■ EXERCISE GOAL: Give back every record word for word, but keep the pictures out.

[RECORDS FOR THE EXERCISE — start]

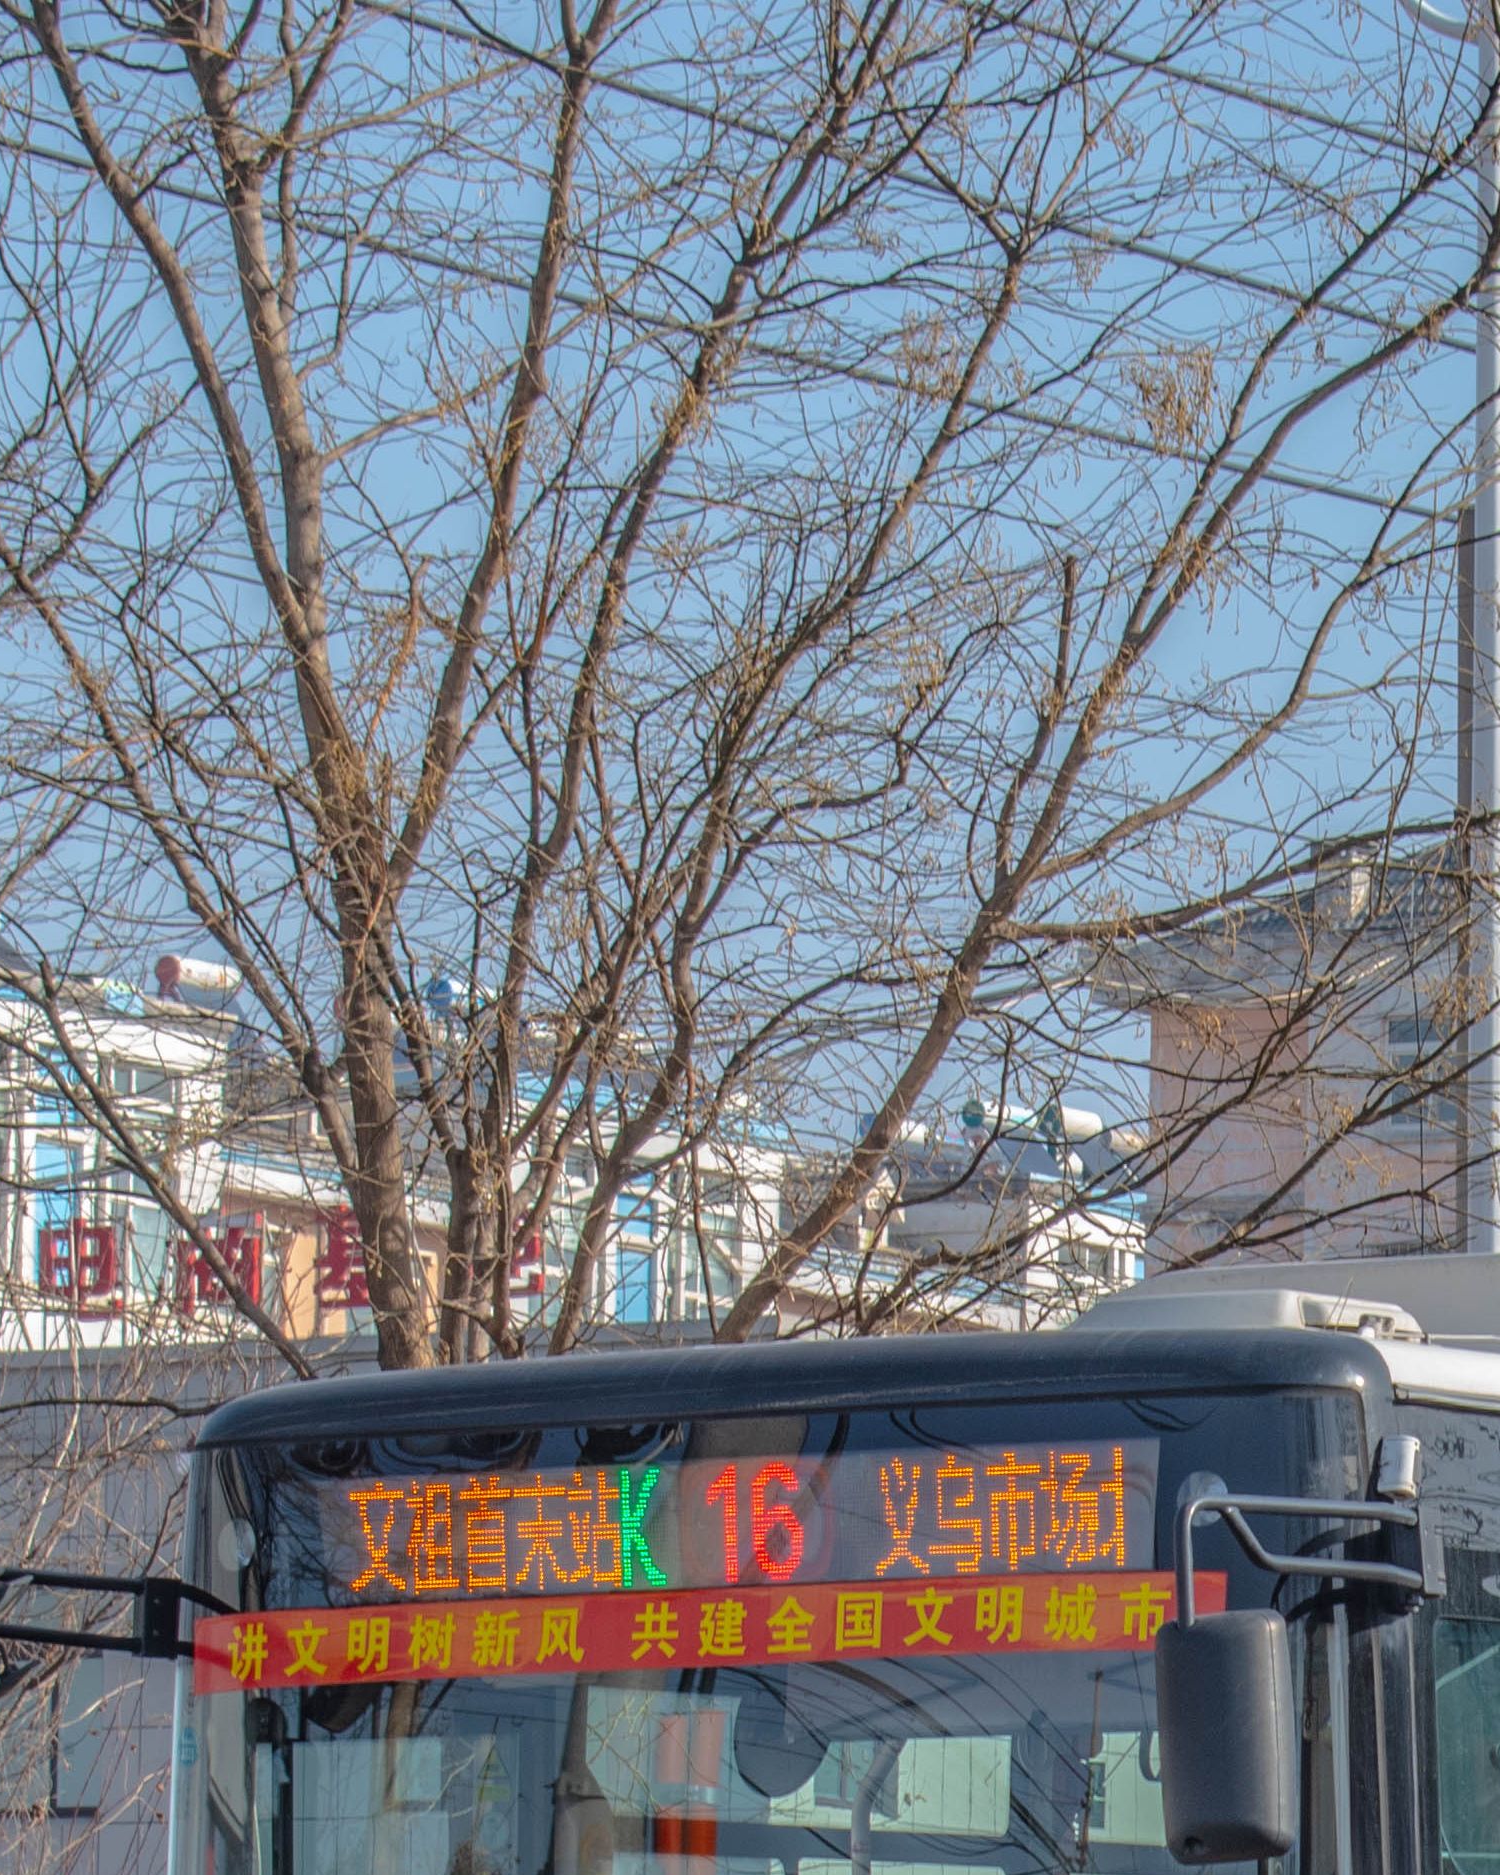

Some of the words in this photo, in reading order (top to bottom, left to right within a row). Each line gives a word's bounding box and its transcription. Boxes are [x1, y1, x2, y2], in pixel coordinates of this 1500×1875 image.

[348, 1471, 621, 1594] 文祖首末站
[620, 1466, 667, 1588] K
[705, 1460, 808, 1584] 16
[227, 1605, 585, 1682] 讲文明树新风
[630, 1581, 1172, 1662] 共建全国文明城市

[RECORDS FOR THE EXERCISE — finish]

■ EXERCISE RESPONSE:
Some of the words in this photo, in reading order (top to bottom, left to right within a row). Each line gives a word's bounding box and its transcription. Boxes are [x1, y1, x2, y2], in pixel coordinates of this 1500×1875 image.

[348, 1471, 621, 1594] 文祖首末站
[620, 1466, 667, 1588] K
[705, 1460, 808, 1584] 16
[227, 1605, 585, 1682] 讲文明树新风
[630, 1581, 1172, 1662] 共建全国文明城市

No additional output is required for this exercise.